**Recorded data:**
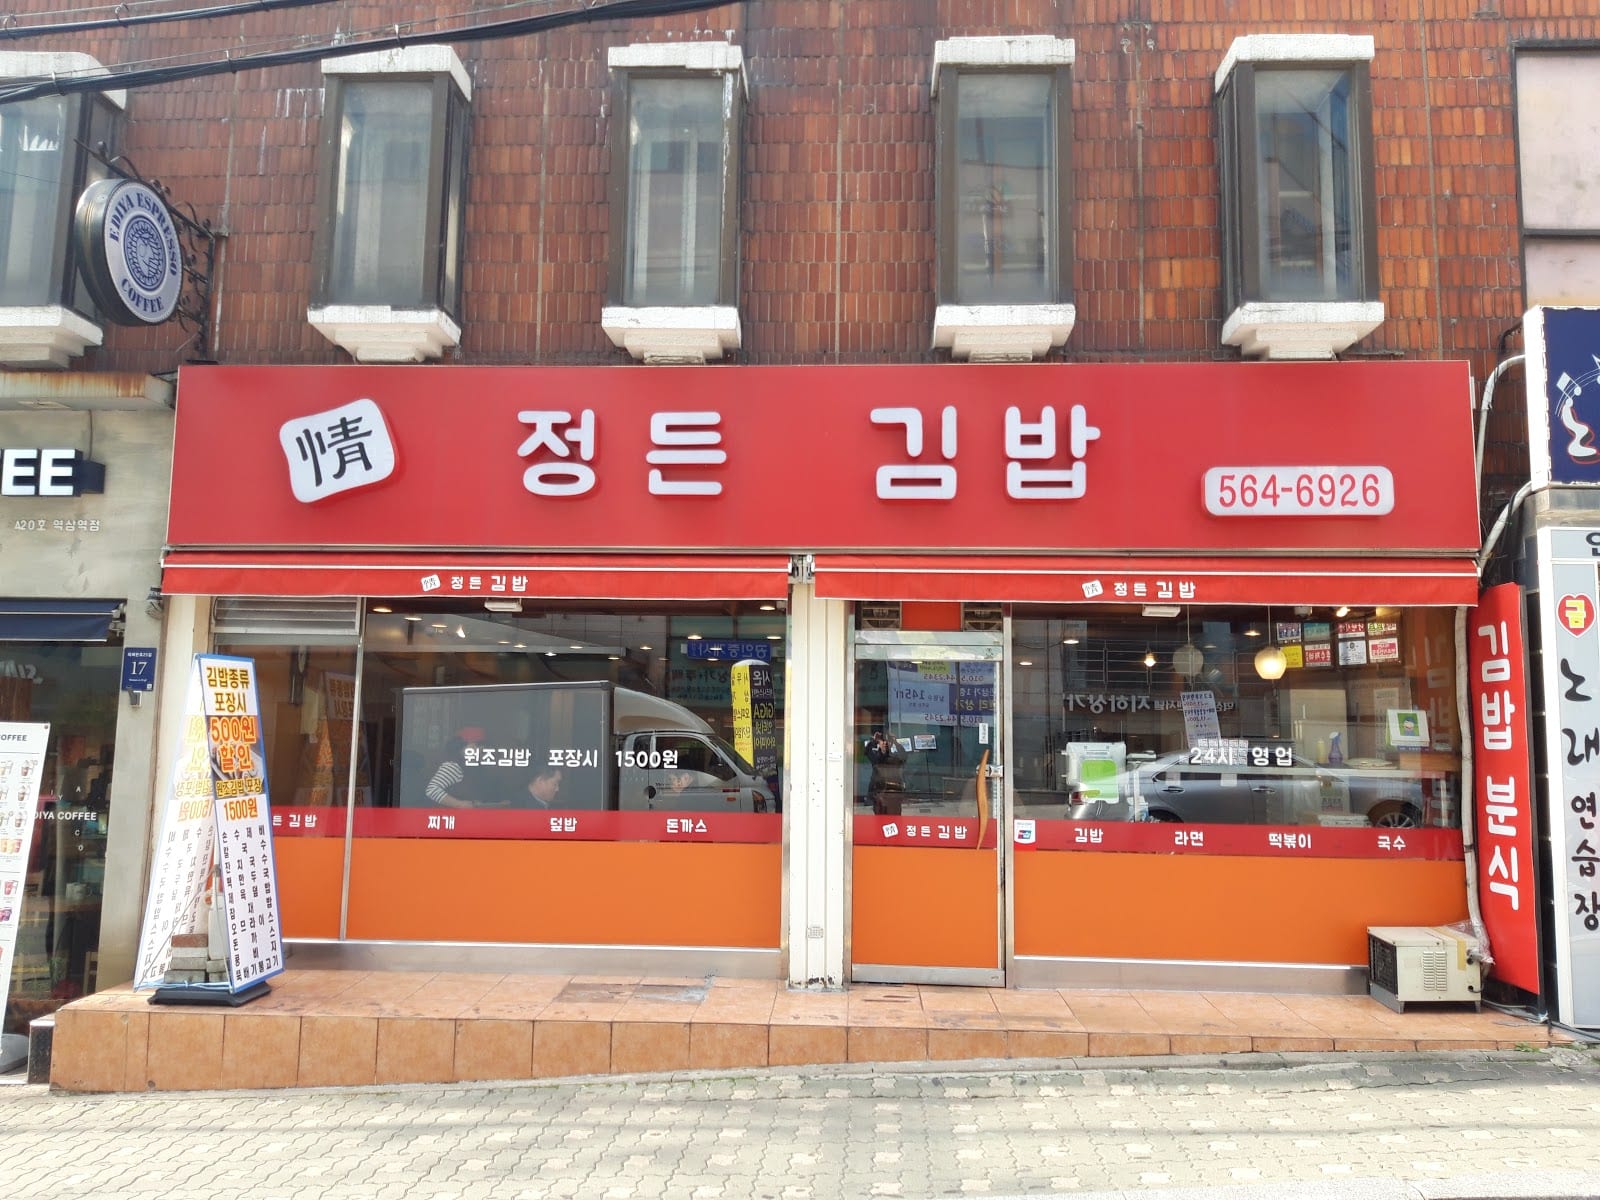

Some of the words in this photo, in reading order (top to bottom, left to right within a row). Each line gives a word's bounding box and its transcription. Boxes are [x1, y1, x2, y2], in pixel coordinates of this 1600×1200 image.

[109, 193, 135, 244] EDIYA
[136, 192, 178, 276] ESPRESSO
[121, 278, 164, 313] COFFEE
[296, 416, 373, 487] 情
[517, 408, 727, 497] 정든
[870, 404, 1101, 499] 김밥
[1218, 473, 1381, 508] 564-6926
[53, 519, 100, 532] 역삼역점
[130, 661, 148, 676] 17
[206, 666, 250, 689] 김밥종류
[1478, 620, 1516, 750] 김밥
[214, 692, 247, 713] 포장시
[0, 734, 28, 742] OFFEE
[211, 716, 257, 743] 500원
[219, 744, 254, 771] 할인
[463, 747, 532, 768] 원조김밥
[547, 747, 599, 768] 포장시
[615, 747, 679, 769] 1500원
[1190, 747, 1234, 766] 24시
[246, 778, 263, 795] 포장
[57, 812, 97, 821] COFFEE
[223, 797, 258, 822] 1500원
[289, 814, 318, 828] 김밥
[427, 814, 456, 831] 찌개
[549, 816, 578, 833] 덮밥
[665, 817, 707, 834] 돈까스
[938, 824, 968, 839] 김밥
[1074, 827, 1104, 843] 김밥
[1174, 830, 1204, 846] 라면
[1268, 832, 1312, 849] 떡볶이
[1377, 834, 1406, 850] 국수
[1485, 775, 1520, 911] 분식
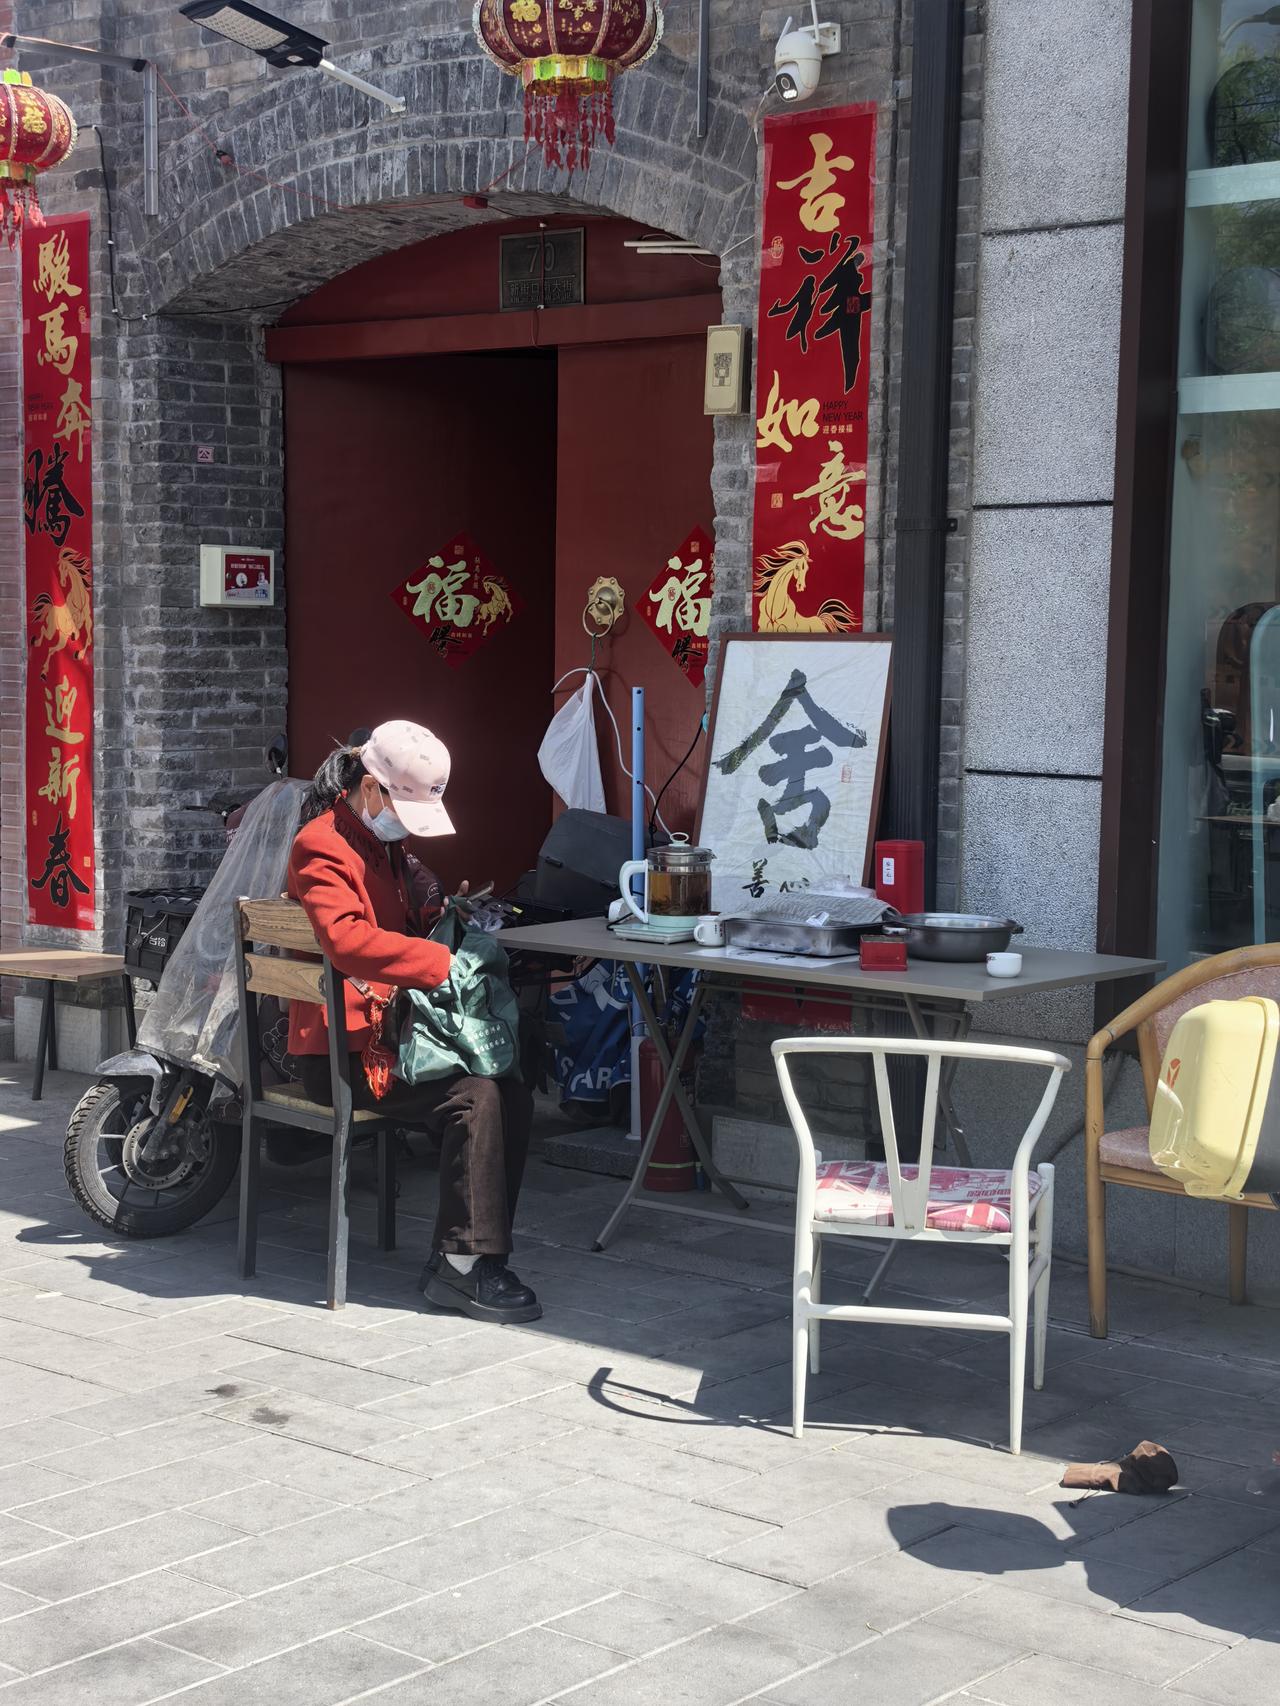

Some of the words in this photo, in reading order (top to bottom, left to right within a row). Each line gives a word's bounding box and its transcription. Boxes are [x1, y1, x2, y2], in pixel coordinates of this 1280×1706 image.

**Instructions to follow:**
Where an entry contains an image, drop the image and copy everything else word for word.

**Written reply:**
Some of the words in this photo, in reading order (top to bottom, left to right within a row). Each line gives a word's bounding box and its transcription. Boxes are [x1, y1, x2, y2], in pixel coordinates of this 1600×1200 image.

[109, 193, 135, 244] EDIYA
[136, 192, 178, 276] ESPRESSO
[121, 278, 164, 313] COFFEE
[296, 416, 373, 487] 情
[517, 408, 727, 497] 정든
[870, 404, 1101, 499] 김밥
[1218, 473, 1381, 508] 564-6926
[53, 519, 100, 532] 역삼역점
[130, 661, 148, 676] 17
[206, 666, 250, 689] 김밥종류
[1478, 620, 1516, 750] 김밥
[214, 692, 247, 713] 포장시
[0, 734, 28, 742] OFFEE
[211, 716, 257, 743] 500원
[219, 744, 254, 771] 할인
[463, 747, 532, 768] 원조김밥
[547, 747, 599, 768] 포장시
[615, 747, 679, 769] 1500원
[1190, 747, 1234, 766] 24시
[246, 778, 263, 795] 포장
[57, 812, 97, 821] COFFEE
[223, 797, 258, 822] 1500원
[289, 814, 318, 828] 김밥
[427, 814, 456, 831] 찌개
[549, 816, 578, 833] 덮밥
[665, 817, 707, 834] 돈까스
[938, 824, 968, 839] 김밥
[1074, 827, 1104, 843] 김밥
[1174, 830, 1204, 846] 라면
[1268, 832, 1312, 849] 떡볶이
[1377, 834, 1406, 850] 국수
[1485, 775, 1520, 911] 분식

Some of the words in this photo, in reading order (top to bottom, left to right within a row). Each line gives a word's bounding box and its transcription. Boxes are [x1, y1, x2, y2], in pixel coordinates of this 1280×1706 image.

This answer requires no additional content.